++++ Supplied information

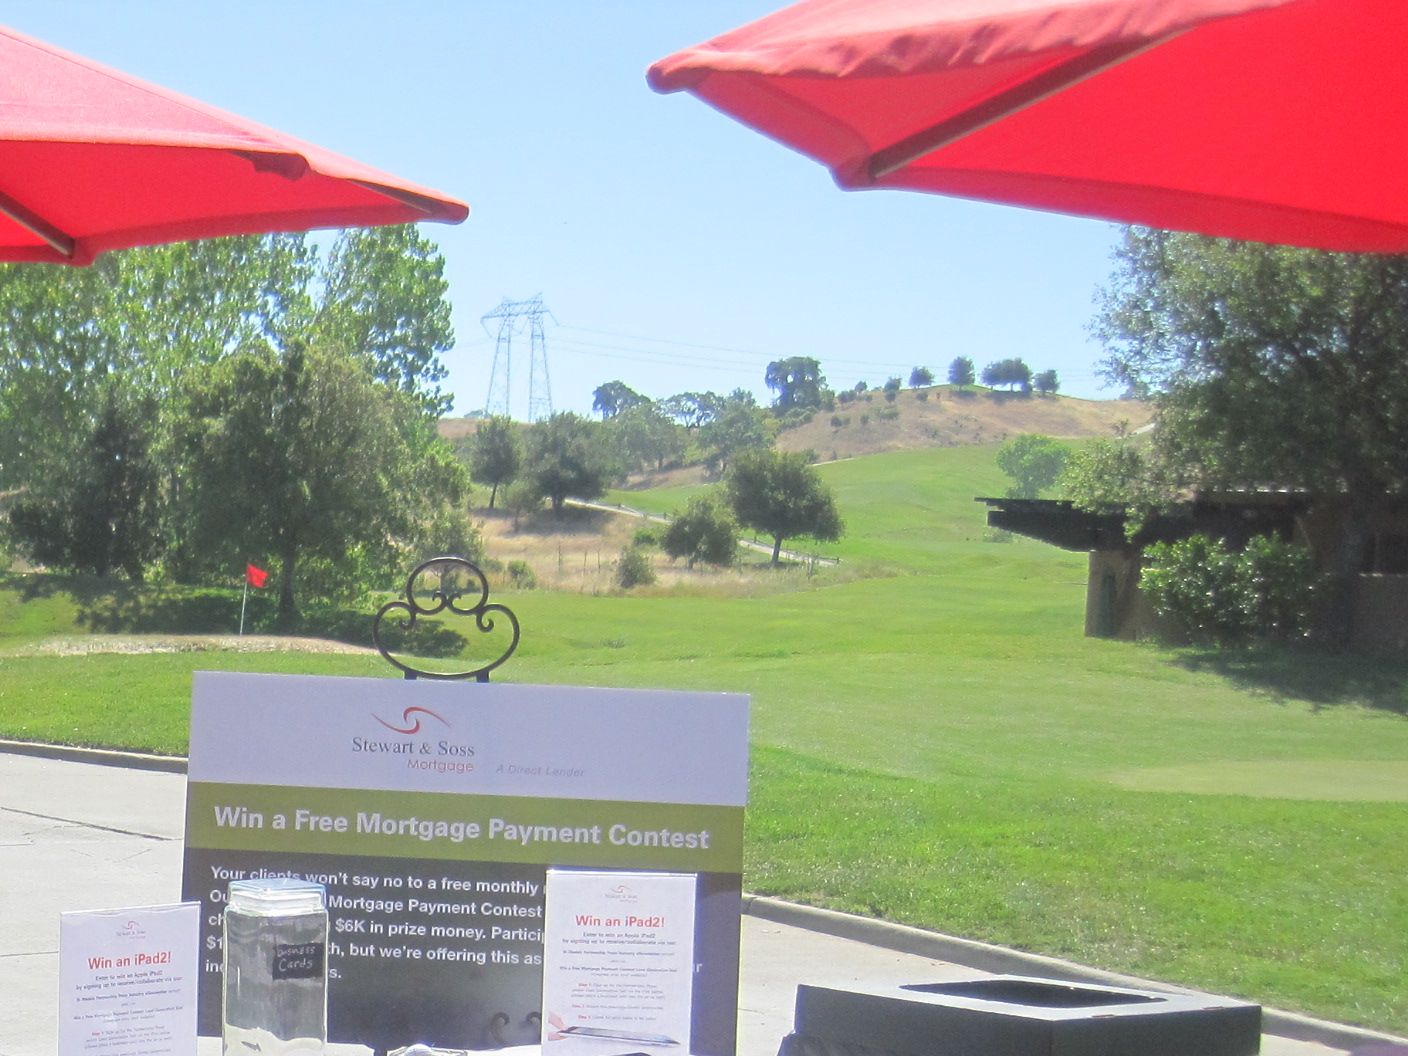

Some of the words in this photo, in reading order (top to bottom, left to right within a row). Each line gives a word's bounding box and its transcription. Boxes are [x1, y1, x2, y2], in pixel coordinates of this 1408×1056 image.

[352, 737, 414, 755] Stewart
[419, 742, 431, 755] &
[437, 741, 475, 757] Soss
[407, 758, 474, 774] Mortgage
[214, 806, 264, 829] Win
[272, 814, 286, 830] a
[294, 809, 348, 833] Free
[356, 812, 480, 843] Mortgage
[489, 817, 601, 846] Payment
[608, 823, 710, 850] Contest
[211, 865, 246, 881] Your
[306, 871, 349, 886] won't
[352, 874, 379, 889] say
[383, 876, 403, 889] no
[408, 875, 423, 889] to
[427, 879, 437, 890] a
[441, 877, 472, 891] free
[476, 880, 539, 897] monthly
[328, 895, 404, 914] Mortgage
[408, 899, 476, 916] Payment
[481, 902, 542, 918] Contest
[335, 918, 366, 934] $6K
[370, 920, 384, 934] in
[388, 922, 427, 937] prize
[431, 926, 487, 940] money.
[575, 914, 600, 926] Win
[605, 917, 621, 927] an
[625, 915, 665, 928] iPad2!
[88, 956, 112, 970] Win
[116, 957, 130, 968] an
[134, 951, 171, 966] iPad2!
[278, 958, 313, 972] Cards
[349, 943, 375, 957] but
[379, 945, 422, 959] we're
[426, 949, 487, 965] offering
[491, 950, 520, 964] this
[524, 954, 542, 966] as
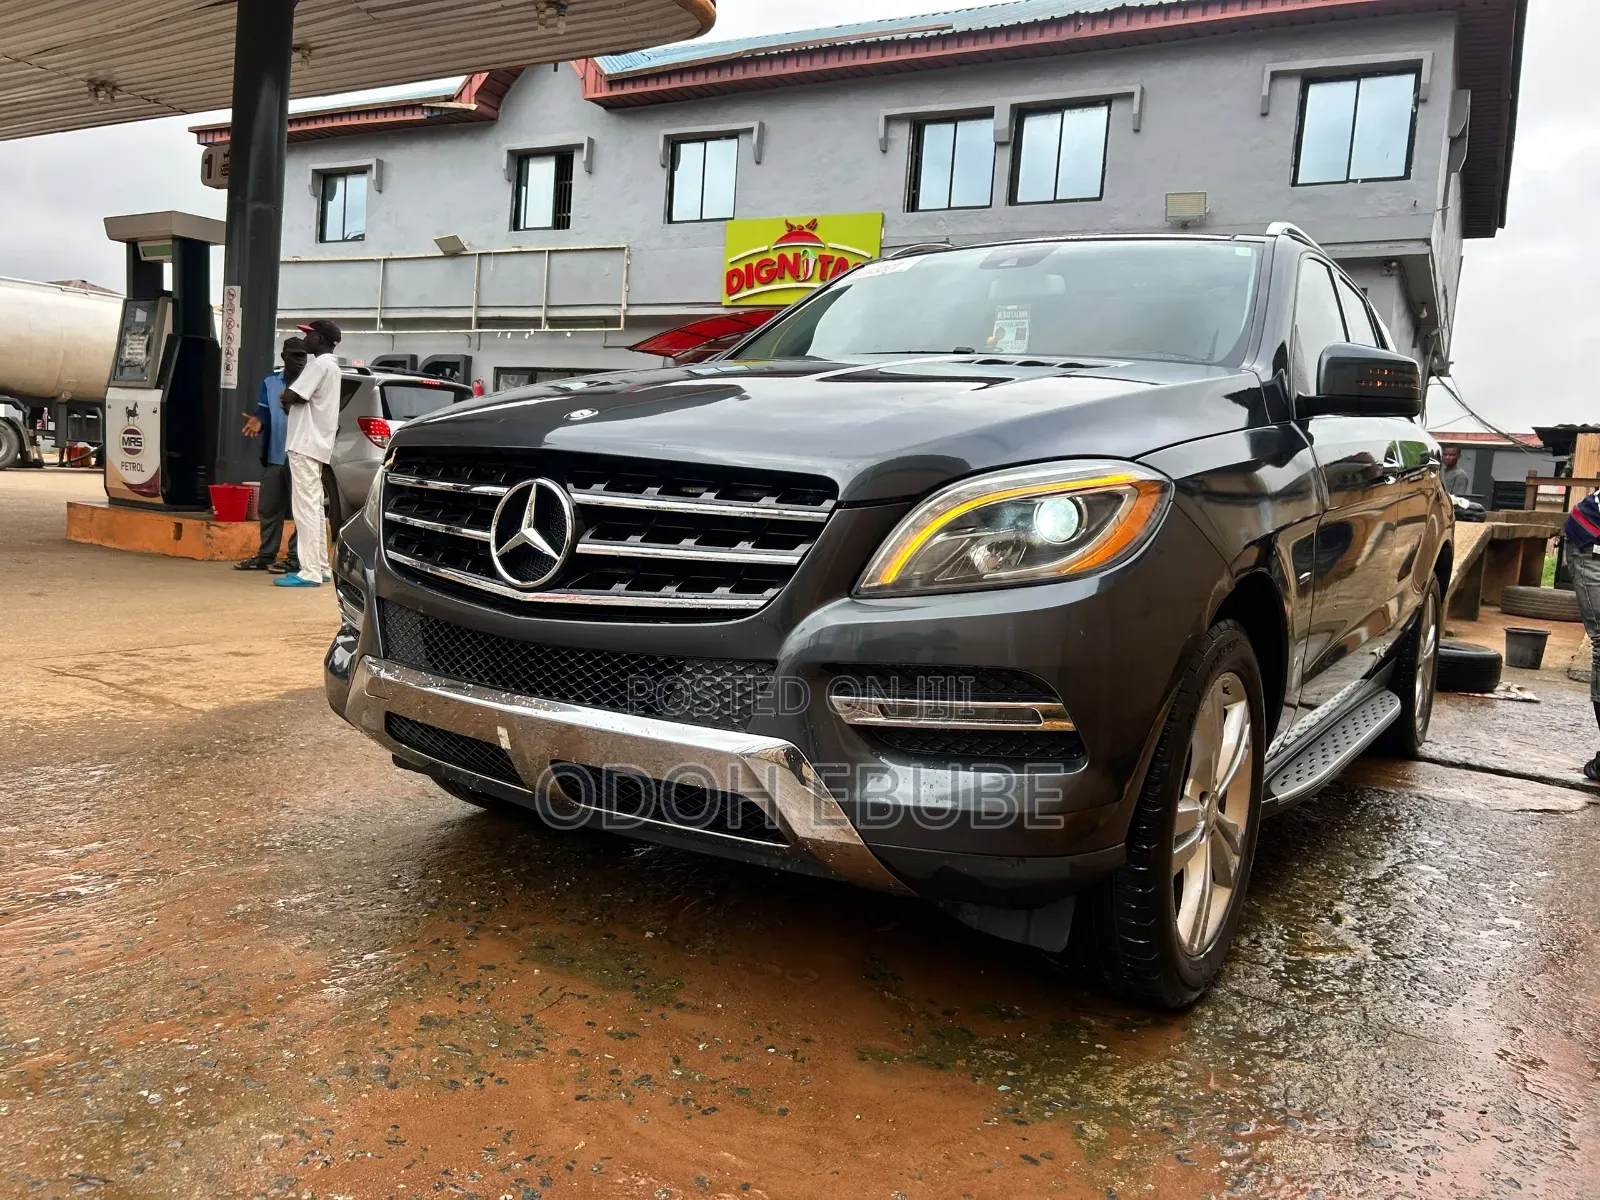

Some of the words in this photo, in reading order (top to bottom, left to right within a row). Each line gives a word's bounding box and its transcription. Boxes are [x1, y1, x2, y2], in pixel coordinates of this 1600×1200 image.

++++++++

In case the records contain pictures, keep those out and repeat the rest exactly.

Some of the words in this photo, in reading order (top to bottom, left to right within a row). Each line gives a word's bounding box and its transcription. Boxes are [x1, y1, x2, y2], in pixel coordinates of this 1408×1056 image.

[352, 737, 414, 755] Stewart
[419, 742, 431, 755] &
[437, 741, 475, 757] Soss
[407, 758, 474, 774] Mortgage
[214, 806, 264, 829] Win
[272, 814, 286, 830] a
[294, 809, 348, 833] Free
[356, 812, 480, 843] Mortgage
[489, 817, 601, 846] Payment
[608, 823, 710, 850] Contest
[211, 865, 246, 881] Your
[306, 871, 349, 886] won't
[352, 874, 379, 889] say
[383, 876, 403, 889] no
[408, 875, 423, 889] to
[427, 879, 437, 890] a
[441, 877, 472, 891] free
[476, 880, 539, 897] monthly
[328, 895, 404, 914] Mortgage
[408, 899, 476, 916] Payment
[481, 902, 542, 918] Contest
[335, 918, 366, 934] $6K
[370, 920, 384, 934] in
[388, 922, 427, 937] prize
[431, 926, 487, 940] money.
[575, 914, 600, 926] Win
[605, 917, 621, 927] an
[625, 915, 665, 928] iPad2!
[88, 956, 112, 970] Win
[116, 957, 130, 968] an
[134, 951, 171, 966] iPad2!
[278, 958, 313, 972] Cards
[349, 943, 375, 957] but
[379, 945, 422, 959] we're
[426, 949, 487, 965] offering
[491, 950, 520, 964] this
[524, 954, 542, 966] as

Some of the words in this photo, in reading order (top to bottom, left to right within a row). Each line gives a word's bounding box and its transcription. Boxes are [x1, y1, x2, y2], in pixel coordinates of this 1600×1200 image.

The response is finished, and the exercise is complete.